Supplied data:
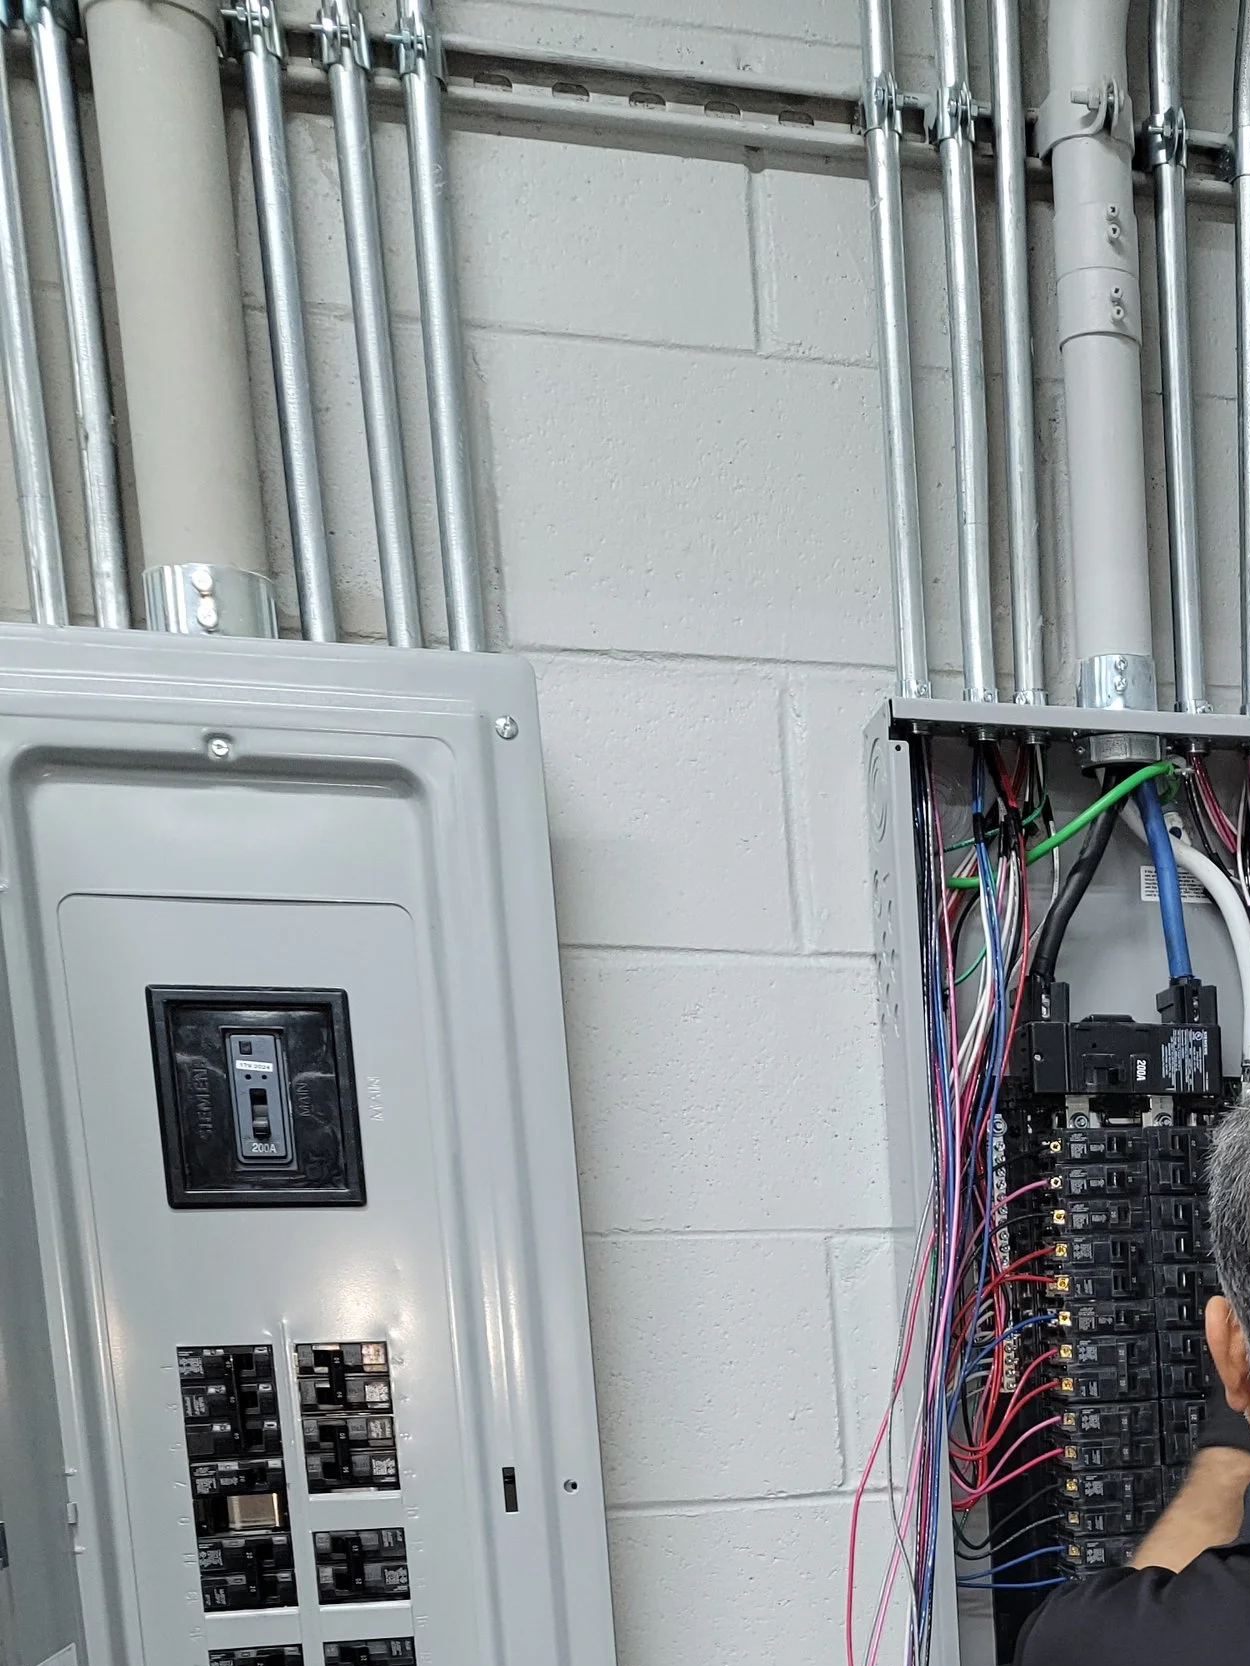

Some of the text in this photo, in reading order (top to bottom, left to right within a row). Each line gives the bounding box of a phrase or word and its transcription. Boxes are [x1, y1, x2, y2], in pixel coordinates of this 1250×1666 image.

[1136, 1059, 1147, 1082] 200A
[296, 1081, 312, 1117] MAIN
[366, 1075, 385, 1122] MAIN
[251, 1142, 277, 1154] 200A

Work to complete:
Would you return all of the data above word for word, omitting every picture?

Solution for this task:
Some of the text in this photo, in reading order (top to bottom, left to right within a row). Each line gives the bounding box of a phrase or word and its transcription. Boxes are [x1, y1, x2, y2], in pixel coordinates of this 1250×1666 image.

[1136, 1059, 1147, 1082] 200A
[296, 1081, 312, 1117] MAIN
[366, 1075, 385, 1122] MAIN
[251, 1142, 277, 1154] 200A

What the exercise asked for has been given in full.